Working on Chaos Engineering on the code, not infrastructure, level and have some learnings to share.

Infra vs Software

Googling chaos engineering results in a ton of infra & open source tooling around breaking it. That's not what I'm doing.

Little seems aimed around the software side. I'm still new at this, but most is focused on EC2's/servers, networking support services around that, & some on Serverless. Code appears in the Site Reliability or Cyber realm.

Googling is Hard

2nd, googling is hard. "How to cause memory leeks in Node.js" results in 20 results on how NOT to cause memory leeks. You have to dig in the articles for good code on how to quickly, or controllably cause them.

How To Safely Test?

3rd, integration testing this stuff is super hard & new for me. For example, overloading your CPU, even on an older Intel Mac, is harder than I thought. Given it's shared, your tests can lag your test suite, or crash your test suite. That's not "controlled" chaos.

Learned to use a Worker, have it spaz out, then shut it down. It's a safe place to do heavy CPU work. It's also taught me how hard it is to use Node's native cluster api vs. their "thread" (i.e. Worker) api. For Node's amazing concurrency via Promises, cluster feels like a bad api.

It gave me a much better appreciation for Erlang/Elixir's or Akka's supervisor pattern. Just feels like a much more natural & easy to contain things. Node.js Worker and Cluster feels like "writing scripts", not code or self-contained objects.

What is Steady State vs. On Fire?

4th, and this is the boring part, you have to be able to identify steady state first; what is considered "working". What's your CPU or memory now? Except they don't have that, it's all these complicated things like "resident set size", swap, etc.

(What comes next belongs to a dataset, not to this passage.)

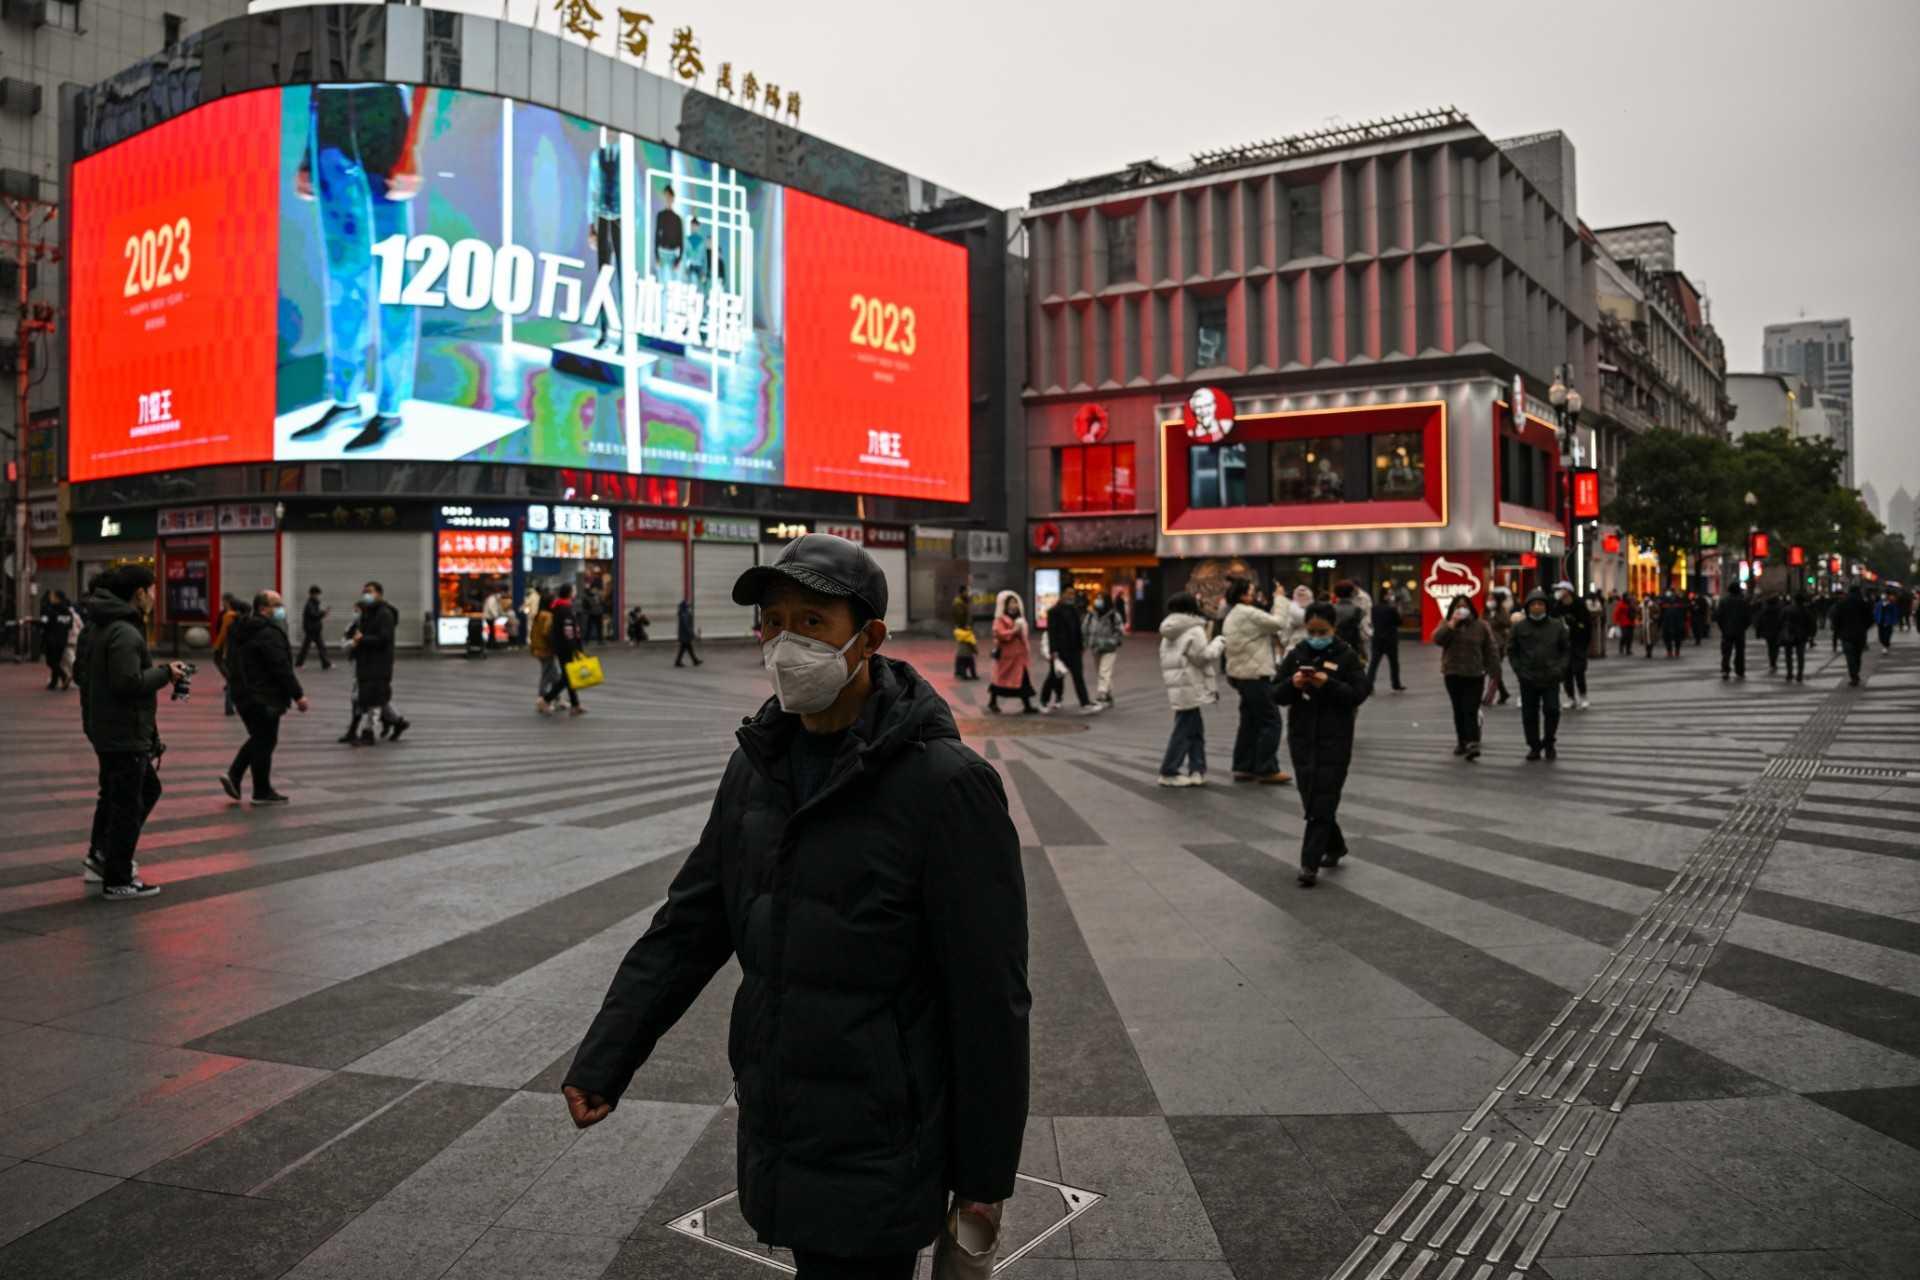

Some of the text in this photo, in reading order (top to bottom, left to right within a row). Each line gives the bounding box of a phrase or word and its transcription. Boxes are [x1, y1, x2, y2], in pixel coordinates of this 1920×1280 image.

[124, 216, 192, 298] 2023
[370, 233, 745, 354] 1200万人体数据
[850, 294, 916, 357] 2023

In true Node.js fashion, I just use libraries to return English. Things like Memory & Disk, though, are hard to track when things start catching fire. I have 20% memory left now. When I have 2%, my machine is unresponsive and can't tell me I have 2%.

Testing Sadness

5th & unexpected, these REST API libraries are hard to test. Side effects EVERYWHERE! It's no wonder Test Driven Development & testing in general still hasn't become the norm outside of companies that mandate it. Testing these library boundaries are awful. Spies/mocks galore.

Race Conditions

6th, even if testing inside a monolith, the race conditions/concurrency makes my head hurt. "If I add latency to all requests, then /ping takes a long time, which means my /people/list call takes an extra 4 seconds, but only if I call it while the server is pinging." Wat.

Conclusions

Not a career path I want to pursue, but I recommend trying it once for 2 reasons.

First, your google fu immediately is worthless. You have to change your perspective to find what you need.

Second, spending your life avoiding bad practices, and suddenly having to not only make them happen, but well, in a controlled environment, super hurts the brain.

This all makes me like Serverless more. Some of these problems are more easily mitigated there. Some are worse (i.e. latency).